__Exercise directions__.
The records that follow are to be copied word for word. Pictures should be omitted.

┌─ Records supplied

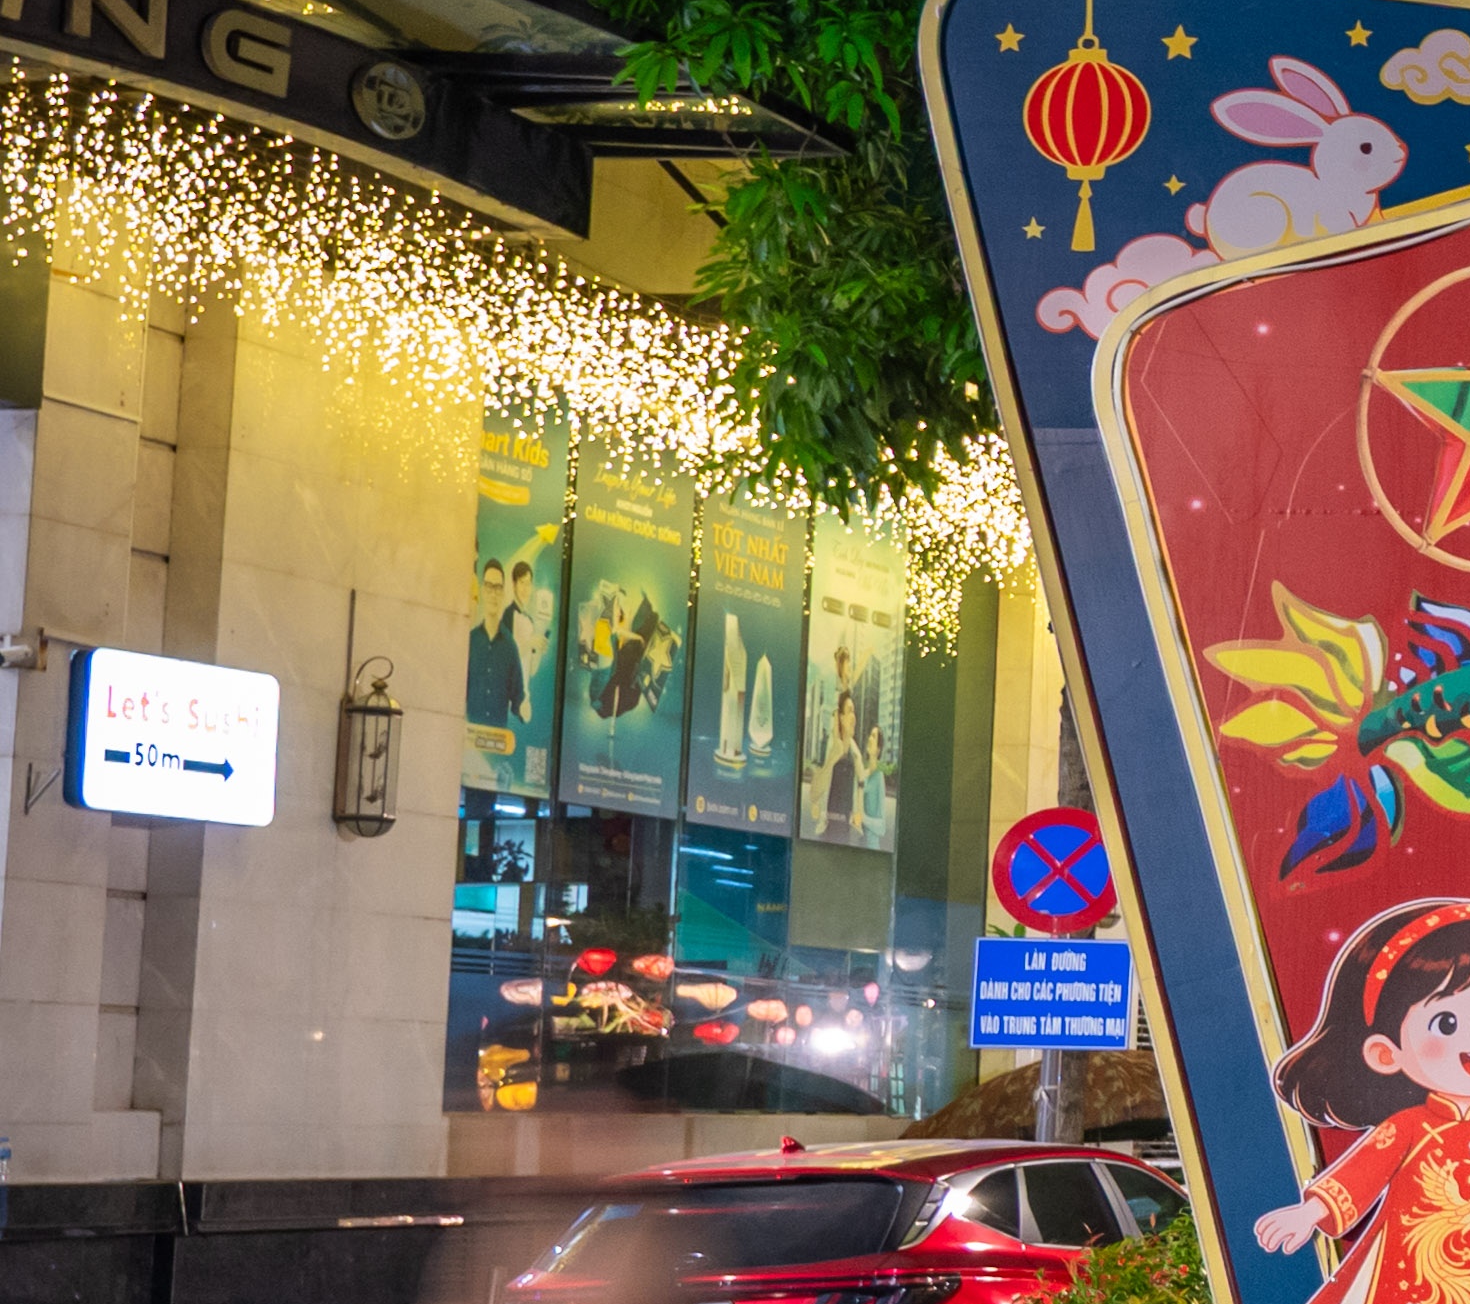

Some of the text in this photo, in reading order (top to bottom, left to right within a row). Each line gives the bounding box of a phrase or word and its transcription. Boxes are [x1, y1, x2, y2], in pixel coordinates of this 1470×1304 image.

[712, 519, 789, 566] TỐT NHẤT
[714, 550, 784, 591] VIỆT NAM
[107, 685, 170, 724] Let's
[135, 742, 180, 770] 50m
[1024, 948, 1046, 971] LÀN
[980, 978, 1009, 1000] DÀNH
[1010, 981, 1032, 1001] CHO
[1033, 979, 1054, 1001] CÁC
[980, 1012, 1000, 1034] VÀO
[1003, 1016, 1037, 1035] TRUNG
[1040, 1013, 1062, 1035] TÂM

└─

__Worked solution__.
Some of the text in this photo, in reading order (top to bottom, left to right within a row). Each line gives the bounding box of a phrase or word and its transcription. Boxes are [x1, y1, x2, y2], in pixel coordinates of this 1470×1304 image.

[712, 519, 789, 566] TỐT NHẤT
[714, 550, 784, 591] VIỆT NAM
[107, 685, 170, 724] Let's
[135, 742, 180, 770] 50m
[1024, 948, 1046, 971] LÀN
[980, 978, 1009, 1000] DÀNH
[1010, 981, 1032, 1001] CHO
[1033, 979, 1054, 1001] CÁC
[980, 1012, 1000, 1034] VÀO
[1003, 1016, 1037, 1035] TRUNG
[1040, 1013, 1062, 1035] TÂM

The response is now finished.